4
votes

I have been trying to upgrade to @auth0/auth0-spa-js from auth0-js, although I could not get my head around reading an email from a token which in turn was obtained from await useAuth0().getTokenSilently()

I use jwt.io to decrypt the token, and this is what I get in the payload:

{
  "iss": "https://TENANT_NAME.auth0.com/",
  "sub": "auth0|SOME_HASH",
  "aud": [
    "https://API_IDENTIFIER",
    "https://TENANT_NAME.auth0.com/userinfo"
  ],
  "iat": 1563699940,
  "exp": 1563786340,
  "azp": "SOME_OTHER_HASH",
  "scope": "openid profile email"
}

When I was using auth0-js I could just add scope: "openid email" to new auth0.WebAuth({...}) and voilà – I had email and email_verified in the payload of the decrypted token.

I believe the 2 part series of tutorials were not able to answer my question, and retrieving the token from a hooked getTokenSilently() inside my Apollo configuration was also a challenge on its own. I like the redirect implementation for SPA, however. Please, can you suggest a proper way to include email and email_verified in the token's payload?

UPDATE

By reading this piece of documentation on api-tokens I understood the token I am getting from getTokenSilently() is called the access token. I have been using ID tokens in all of my requests' headers till this day, and that was probably a bad approach:

In the OIDC-conformant pipeline, ID Tokens should never be used as API tokens.

Also, the documentation says:

The token does not contain any information about the user except for the user ID (located in the sub claim).

In many cases, you may find it useful to retrieve additional user information. You can do this by calling the /userinfo API endpoint with the Access Token.

Which I did by following the shell example. I have sent the request with my access token and magically got an object containing the user's profile information from Auth0's Custom API.

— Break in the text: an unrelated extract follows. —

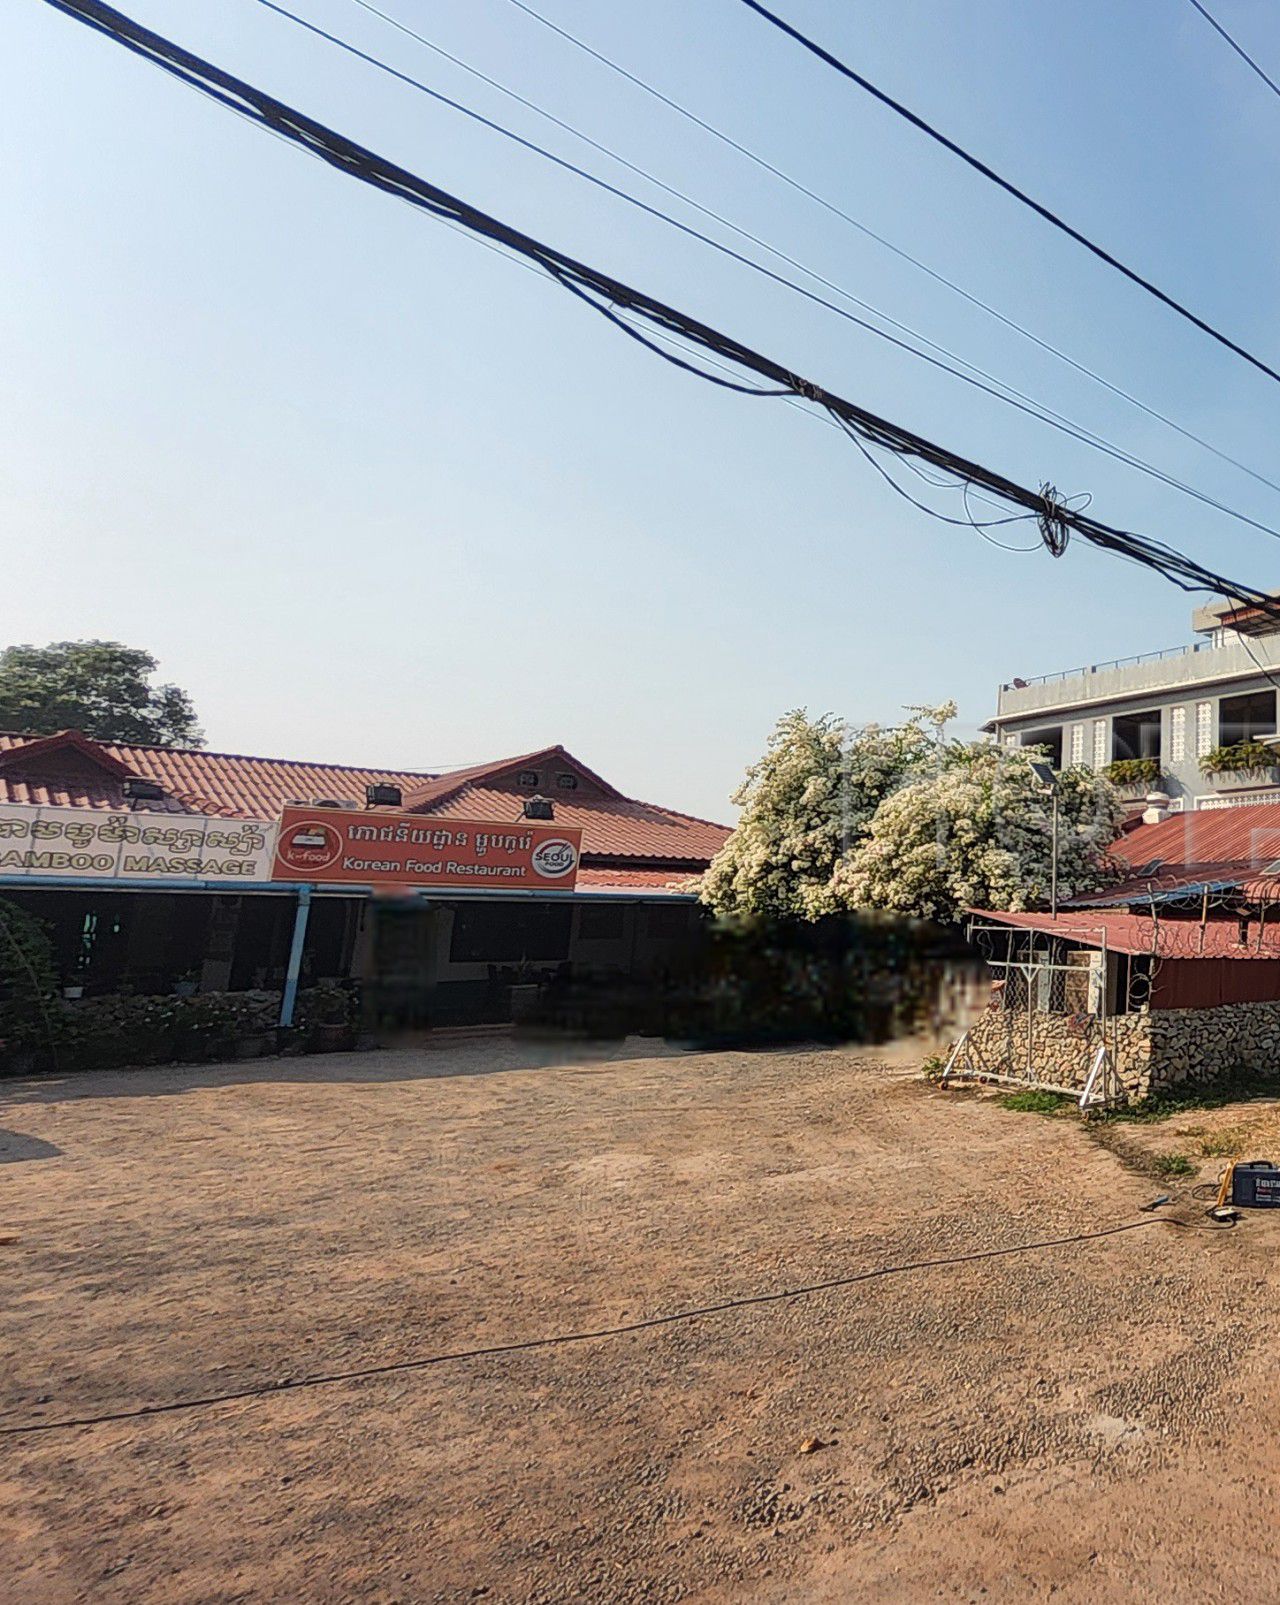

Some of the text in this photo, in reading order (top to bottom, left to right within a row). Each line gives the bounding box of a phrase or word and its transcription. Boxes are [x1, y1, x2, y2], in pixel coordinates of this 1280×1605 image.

We got close, what is an algorithm converting the "sub" into user profile residing inside Auth0's Custom API which I can implement for my backend written in ruby?

1

1 Answers

0
votes

Yes, as you mention, ID tokens should not be used as API Tokens. They have a different usage (and you don't want your API Token to be too big, because you send it in each request's headers).

To get the user email, you can just fetch the UserProfile given in the ID Token. To achieve that, you just have to call getUser instead of getTokenSilently.

If you want more infos about the user, you have 2 ways to fetch user info:

  1. You use the Auth0 Management API to fetch the user infos, based on the user id (in the sub claim of the ID Token) and using this API endpoint. In Ruby, you can just use a basic HTTP request.

  2. You use a rule to always include specific fields in the ID Token. For example, you can include user_metadata and app_metadata in your ID Tokens. That way, you can use it without additional API call. To achieve that, you will need a specific Rule that will run when ID Tokens are generated (more general API doc).

An example rule that would add all user_metadata and app_metadata to the ID token would be:

function (user, context, callback) {
  const namespace = 'your_url_namespace_just_for_cosmetic_but_required/';
  context.idToken[namespace + 'user_metadata'] = user.user_metadata;
  context.idToken[namespace + 'app_metadata'] = user.app_metadata;
  callback(null, user, context);
}

And you will have the info in your ID Token for your frontend to use.

For the record, more rules examples on this hard-to-find page.